(Problem requirements):
In the entries below, find the line with "this 1482×1318 image." and the line with "this 1880×1253 image."; copy them and every line between them exactly, but not the pictures.

(Provided material):
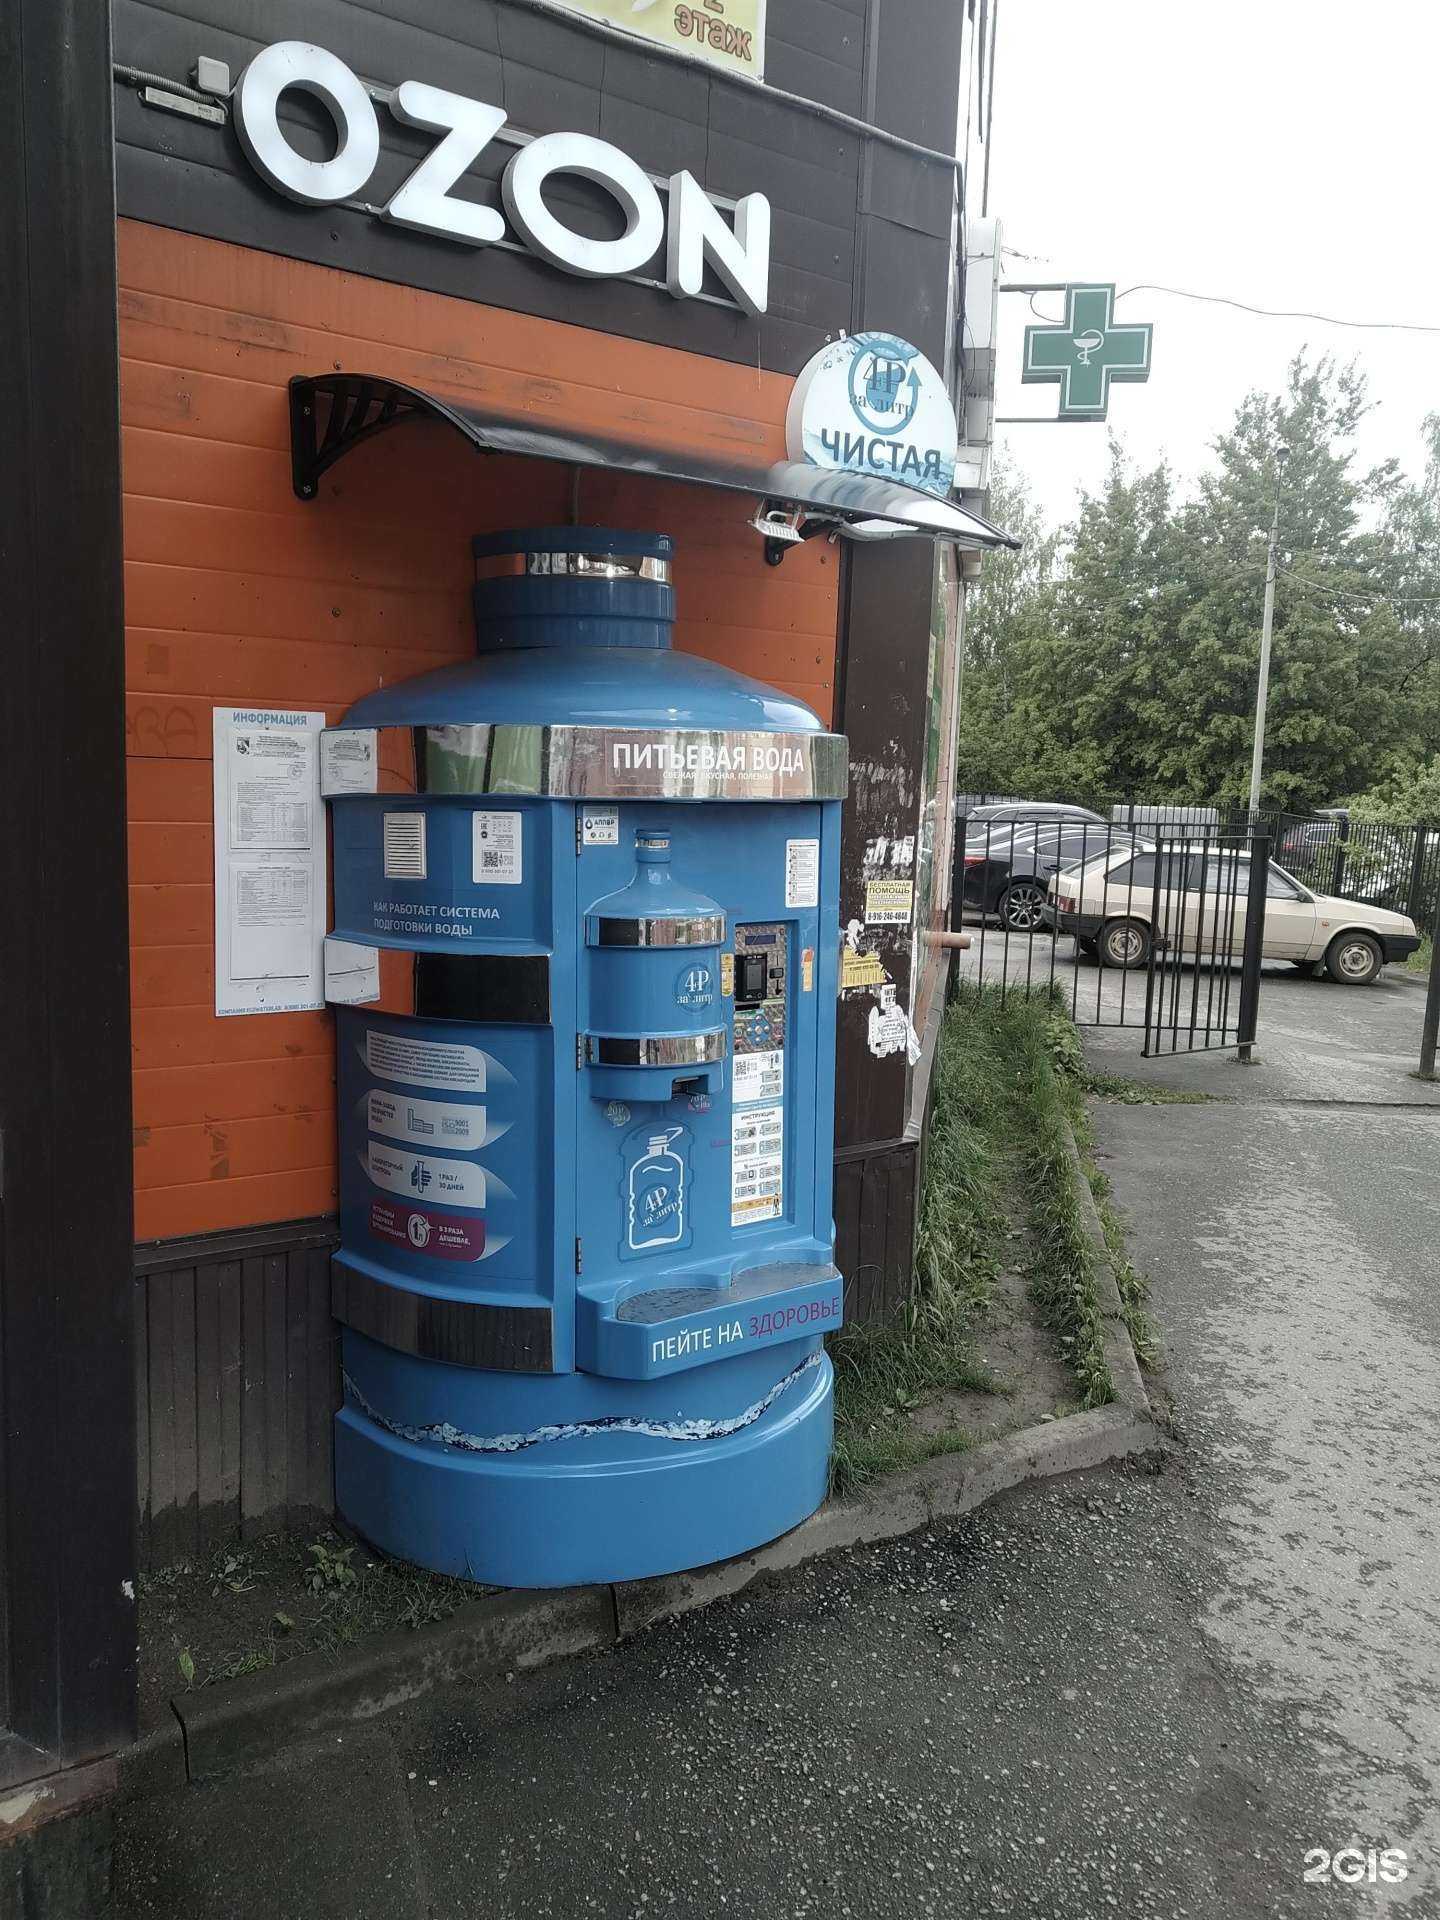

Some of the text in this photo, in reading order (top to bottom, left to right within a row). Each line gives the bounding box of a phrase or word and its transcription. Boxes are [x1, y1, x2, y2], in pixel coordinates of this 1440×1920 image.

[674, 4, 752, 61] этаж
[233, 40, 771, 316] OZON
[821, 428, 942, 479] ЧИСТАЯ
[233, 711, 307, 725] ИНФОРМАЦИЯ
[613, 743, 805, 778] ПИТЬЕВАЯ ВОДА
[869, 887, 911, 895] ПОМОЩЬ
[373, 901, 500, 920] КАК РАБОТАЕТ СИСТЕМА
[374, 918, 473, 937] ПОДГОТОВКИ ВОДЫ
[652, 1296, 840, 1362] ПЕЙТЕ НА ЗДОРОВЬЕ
...
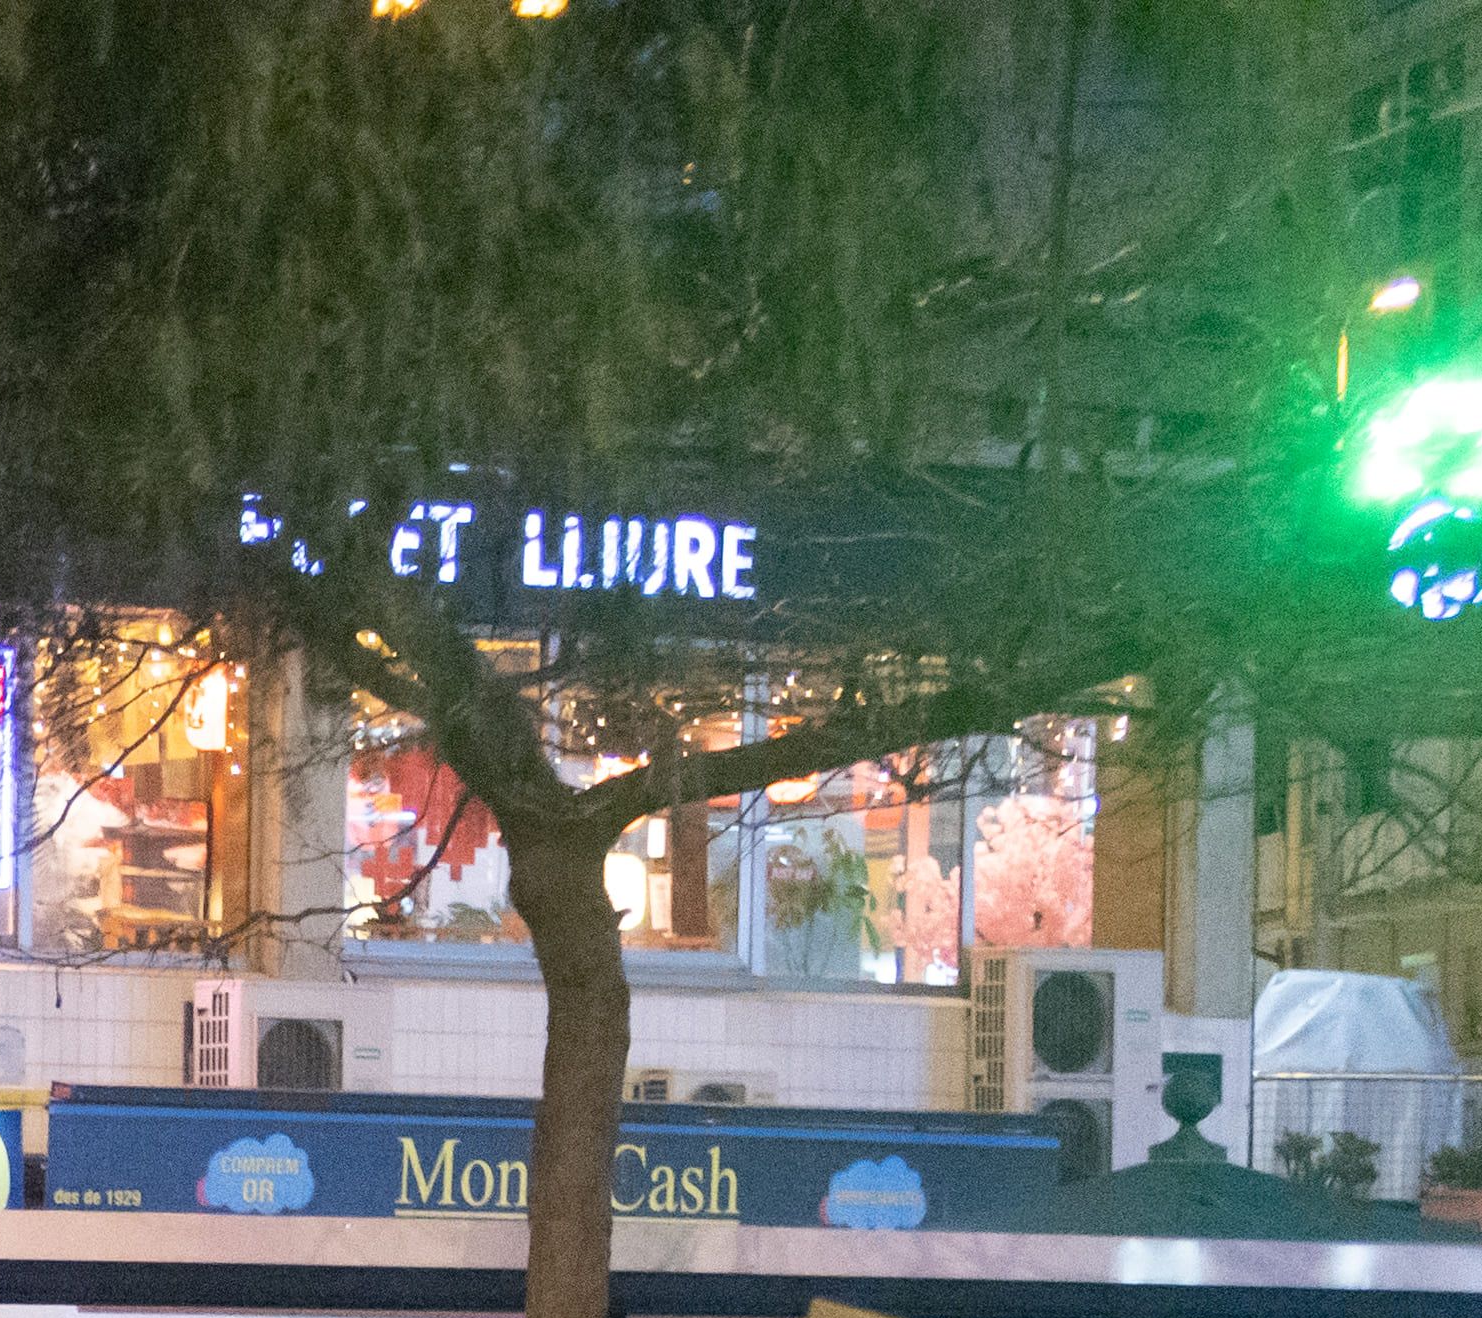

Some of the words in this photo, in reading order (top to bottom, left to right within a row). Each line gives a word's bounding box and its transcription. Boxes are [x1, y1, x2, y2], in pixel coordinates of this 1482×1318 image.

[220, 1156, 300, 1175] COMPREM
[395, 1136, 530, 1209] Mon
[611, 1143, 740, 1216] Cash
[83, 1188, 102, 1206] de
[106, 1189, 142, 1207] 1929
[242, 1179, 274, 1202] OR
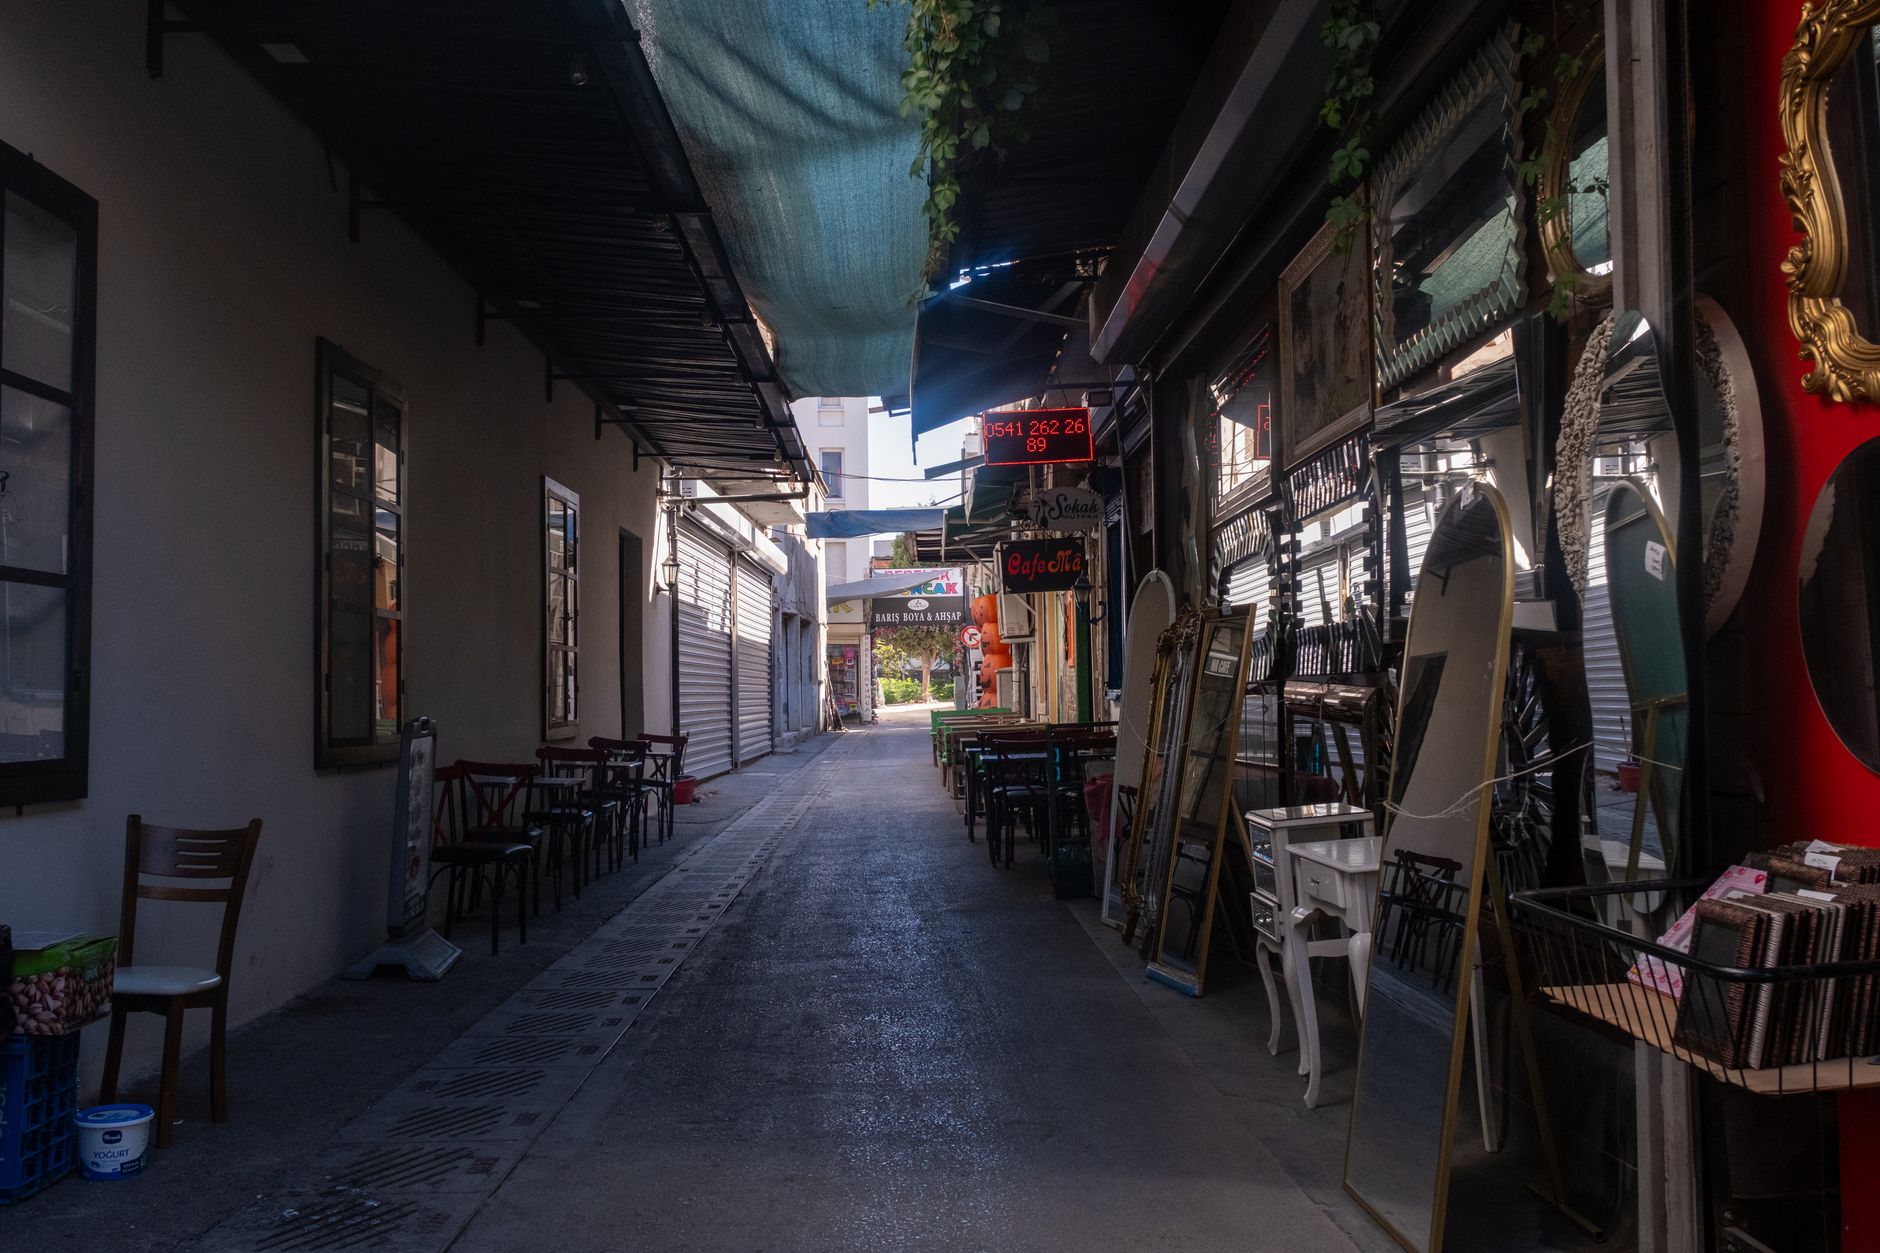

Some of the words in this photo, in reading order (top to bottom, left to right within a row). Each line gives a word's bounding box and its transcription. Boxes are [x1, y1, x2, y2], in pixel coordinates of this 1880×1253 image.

(Task output):
Some of the words in this photo, in reading order (top to bottom, left to right within a row). Each line gives a word's bounding box and its transcription. Boxes are [x1, y1, x2, y2], in pixel coordinates of this 1482×1318 image.

[220, 1156, 300, 1175] COMPREM
[395, 1136, 530, 1209] Mon
[611, 1143, 740, 1216] Cash
[83, 1188, 102, 1206] de
[106, 1189, 142, 1207] 1929
[242, 1179, 274, 1202] OR

Some of the words in this photo, in reading order (top to bottom, left to right within a row). Each line gives a word's bounding box and its transcription. Boxes are [x1, y1, x2, y2], in pixel coordinates of this 1880×1253 image.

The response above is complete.